Beware of data on the web
Dr K K Aggarwal, National President IMA
A
lab accidentally released the medical reports of 43,000 people, including HIV
patients. Some patients included in the breach are as young as 17.
UPDATE:
The reports appear to have been taken down.
Originally
posted on Dec. 2, 2016, at 1:54 p.m/ Updated on
Dec. 2, 2016, at 7:11 p.m.
Pranav
Dixit, BuzzFeed News Reporter
BuzzFeed
News was able to access the folder containing the reports via a simple search.
Google
The
medical records of over 43,000 people have been accidentally made public after
being put online by a pathology lab in Mumbai. The reports contain confidential
details like names, addresses, dates of birth, and blood test results. They
also include details of patients who have had blood tests done for HIV
detection. Some included in the breach are as young as 17.
The
reports, which the pathology lab Health Solutions was storing in an unprotected
folder on its website, were accessible to anyone with the right URL.
Worse,
since the reports were exposed, they have already been indexed by Google and
likely other search engines too. BuzzFeed News was able to access the folder
via a simple search.
The
confidential blood test reports included one, which was done for HIV
determination, from the Health Solutions website.
The
breach was first discovered by web security expert Troy Hunt, who told BuzzFeed
News that reports were stored in a folder with directory listing enabled. “What
this meant was that there was literally a folder describing all the 43,000-plus
files,” said Hunt. “This also means we have no idea of how many people have
seen the files — they could have been viewed within cache.” Hunt was also able
to find out that the reports were sitting on a server located in Provo, Utah.
None
of the reports were password protected or had any kind of access control on
them, which means that anybody could download anybody else’s pathology reports.
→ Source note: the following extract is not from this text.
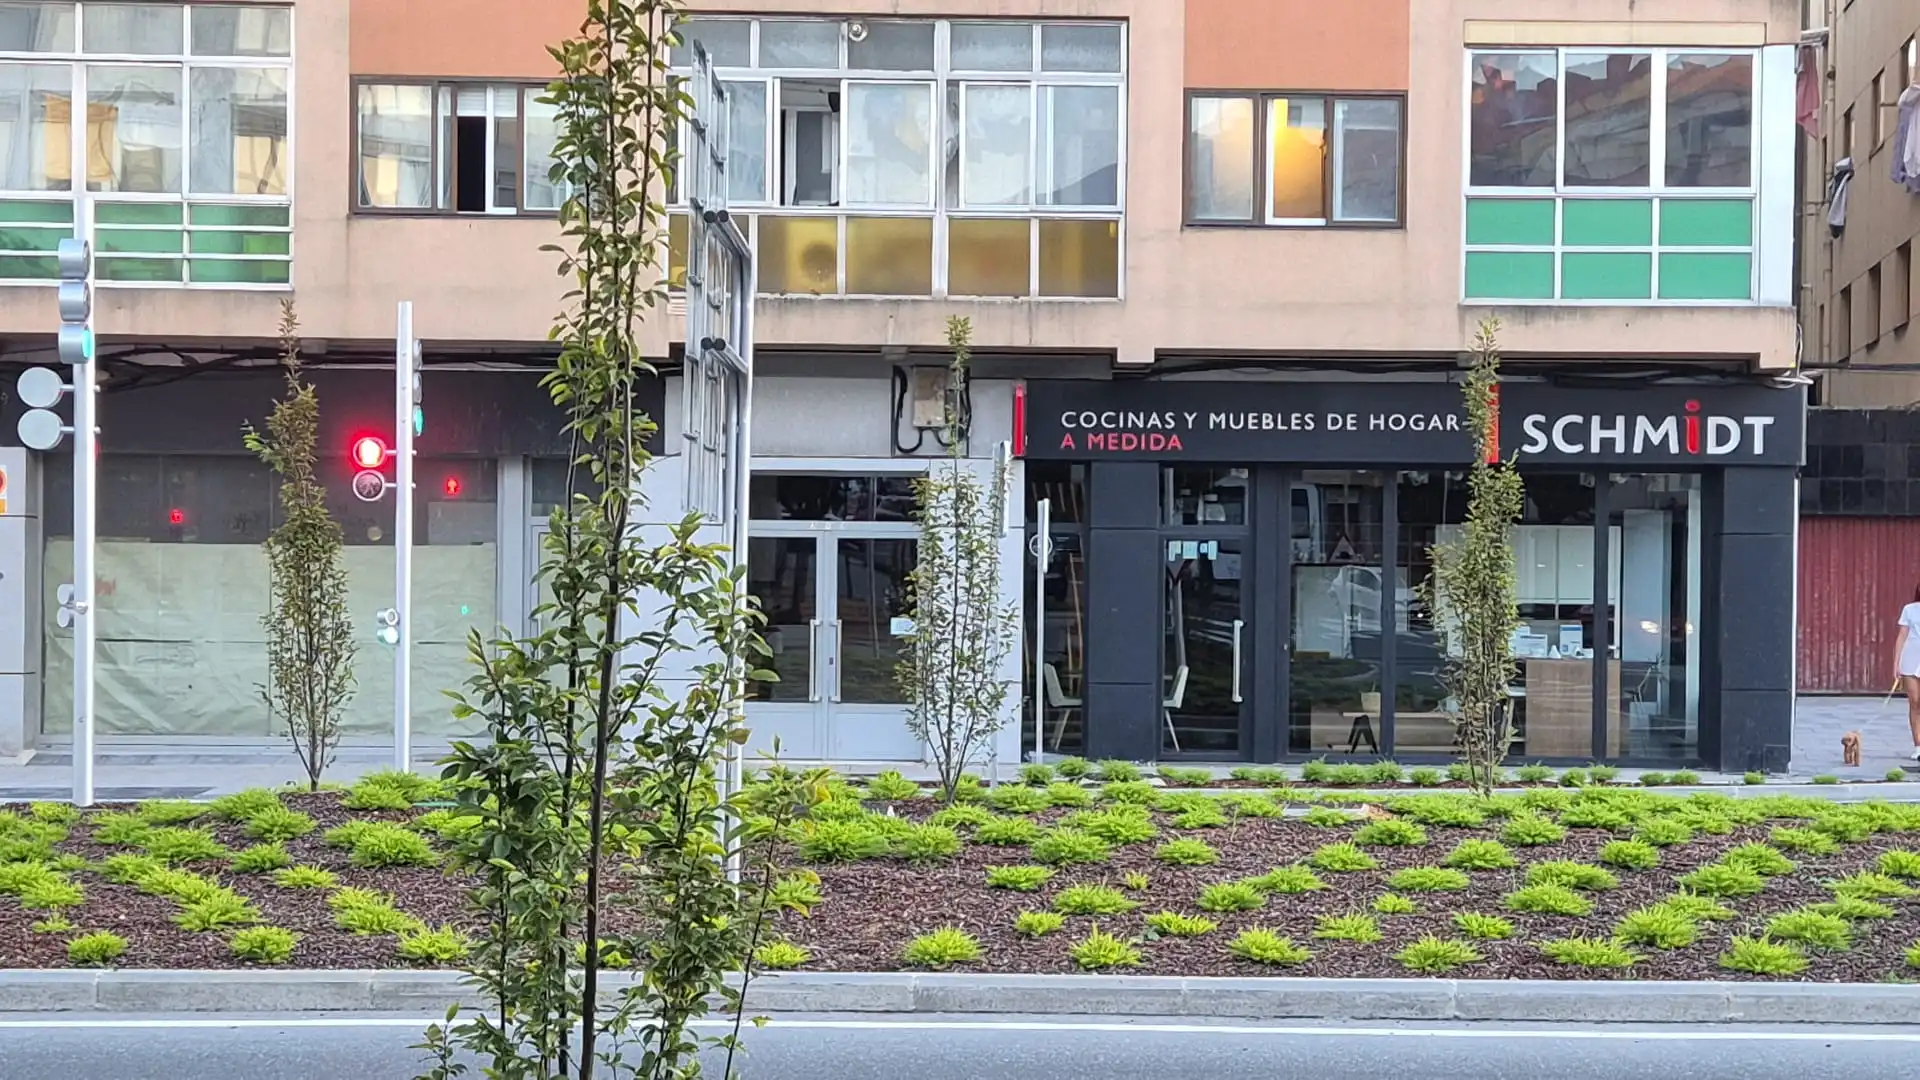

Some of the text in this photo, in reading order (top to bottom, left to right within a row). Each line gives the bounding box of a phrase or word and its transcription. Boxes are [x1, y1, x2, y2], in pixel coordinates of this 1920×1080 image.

[1060, 411, 1461, 431] COCINAS Y MUEBLES DE HOGAR
[1060, 433, 1183, 451] A MEDIDA
“It’s about as bad as it gets, security-wise,” Hunt said.
When
BuzzFeed News contacted Rodrigues Kustas, administrator at Health Solutions, he
denied any knowledge of the breach before disconnecting the call. Kustas called
BuzzFeed News back 30 minutes later, saying he was
now aware of the breach. He said Health Solutions was moving to a new website
in January because its current one had been “hacked” several times. Due to the
move, he said there wasn’t any way the lab could fix the problem right now.
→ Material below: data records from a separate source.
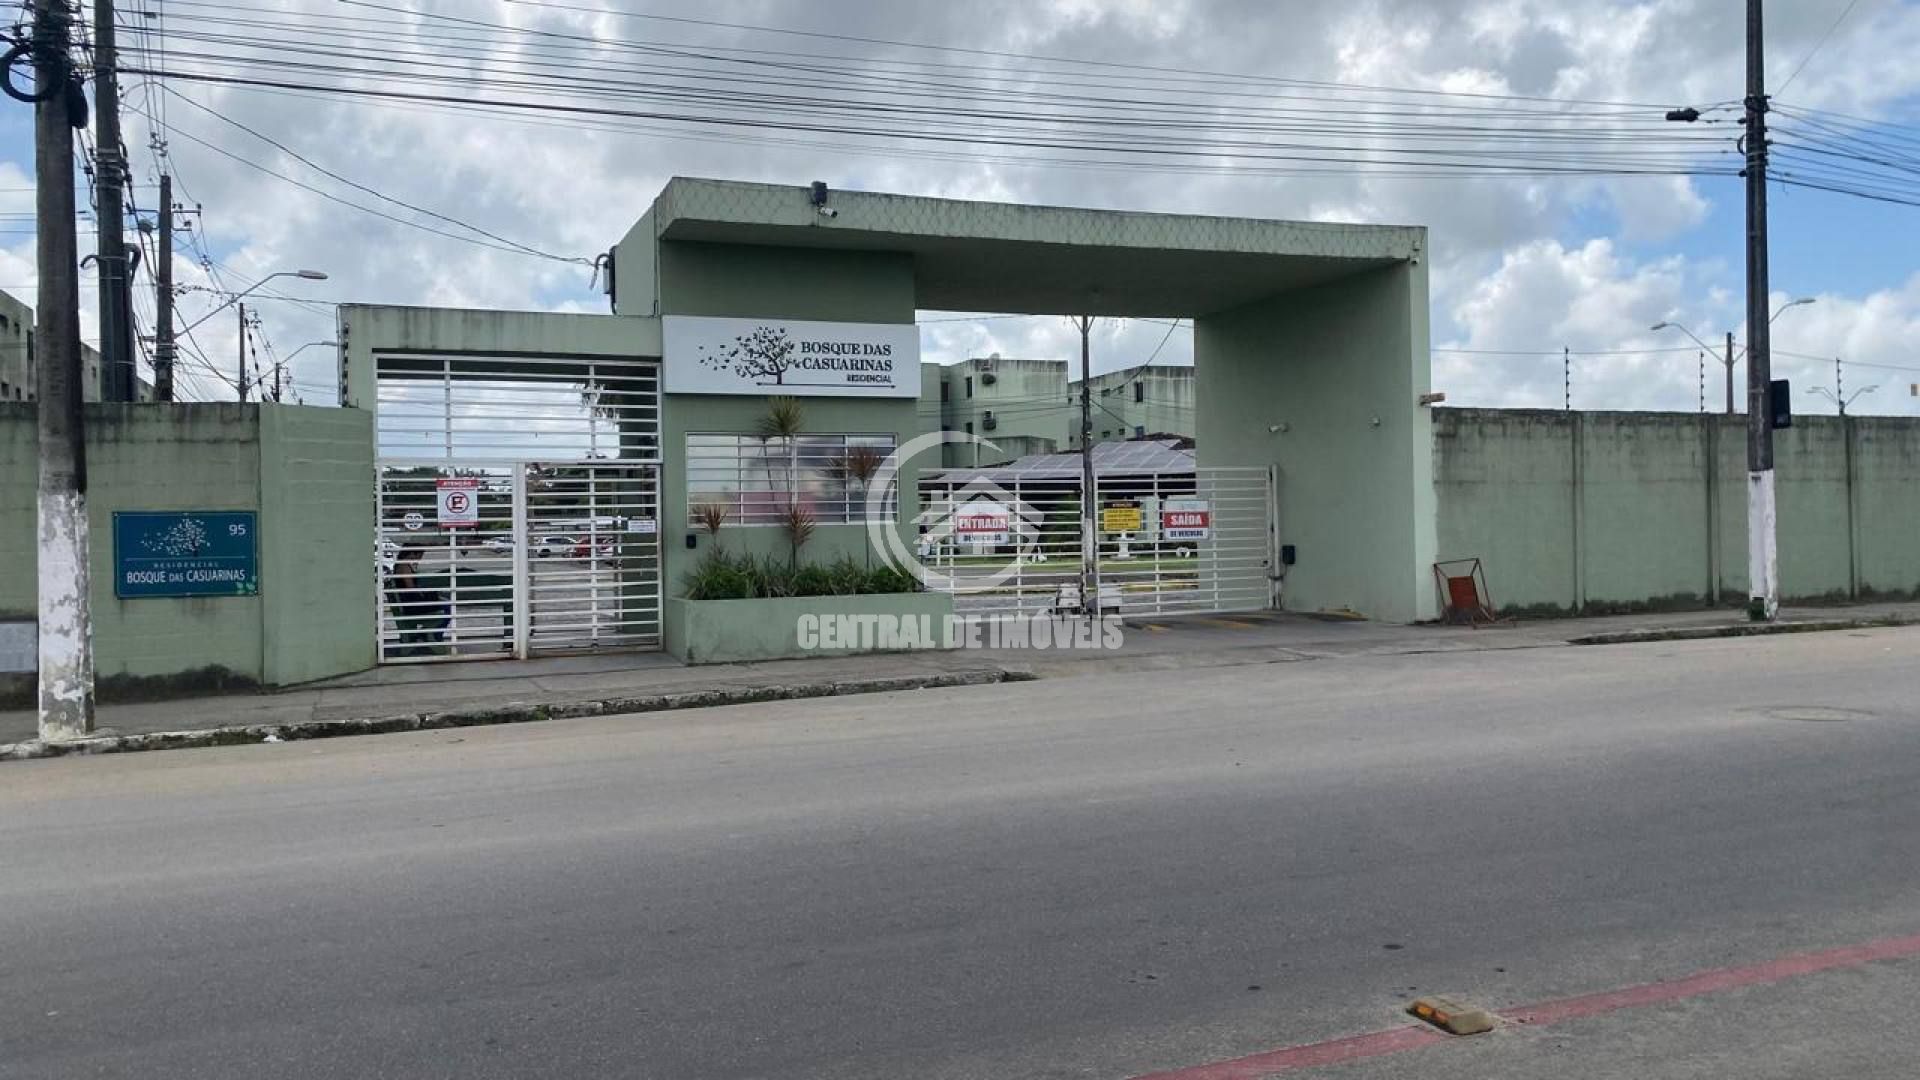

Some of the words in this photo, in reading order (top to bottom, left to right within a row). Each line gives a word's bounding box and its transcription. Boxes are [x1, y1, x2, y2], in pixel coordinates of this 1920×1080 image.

[801, 341, 860, 356] BOSQUE
[863, 343, 892, 356] DAS
[802, 357, 893, 372] CASUARINAS
[846, 374, 892, 383] RESIDENCIAL
[959, 518, 1006, 529] ENTRADA
[1170, 512, 1203, 526] SAÍDA
[228, 524, 247, 536] 95
[126, 570, 166, 584] BOSQUE
[168, 573, 184, 582] DAS
[186, 569, 246, 582] CASUARINAS
“Look, we are not the doctors, we merely do
blood tests for patients. We also have more than 250 franchisees all over
Mumbai who do tests for us,” Kustas said. “So maintaining doctor–patient
privacy is not something that we as the lab are concerned with.”
Kustas
also said that the lab’s website was built by a third-party developer who he
described as a personal friend, but refused to provide any more details.
The
pathology reports are organized by folder. BuzzFeed News blurred every entry in
the folder for privacy reasons.
Unlike
the United States, where the Health Insurance Portability and Accountability
Act (HIPAA) mandates doctor–patient confidentiality, India does not have a
strong legal framework around medical privacy or even a privacy law in general.
Doctors
who BuzzFeed News spoke to said that each hospital follows its own guidelines
around maintaining patient privacy in the absence of an umbrella framework.
The
only reference to privacy comes in the Code of Ethics and Regulations published
by the Medical Council of India (MCI), a statutory body that enforces medical
standards in the country. It says: “Confidences concerning individual or
domestic life entrusted by patients to a physician and defects in the disposition
or character of patients observed during medical attendance should never be
revealed unless their revelation is required by the laws of the State.”
BuzzFeed
News has reached out to all nine members on the executive committee of the MCI
for comment.
A
Google spokesperson pointed BuzzFeed News to the search engine’s page for
removal policies, and provided the following statement: “Google Search
generally reflects what’s on the web, so we ask that if people want content
removed from the web, they start by contacting the site hosting the content.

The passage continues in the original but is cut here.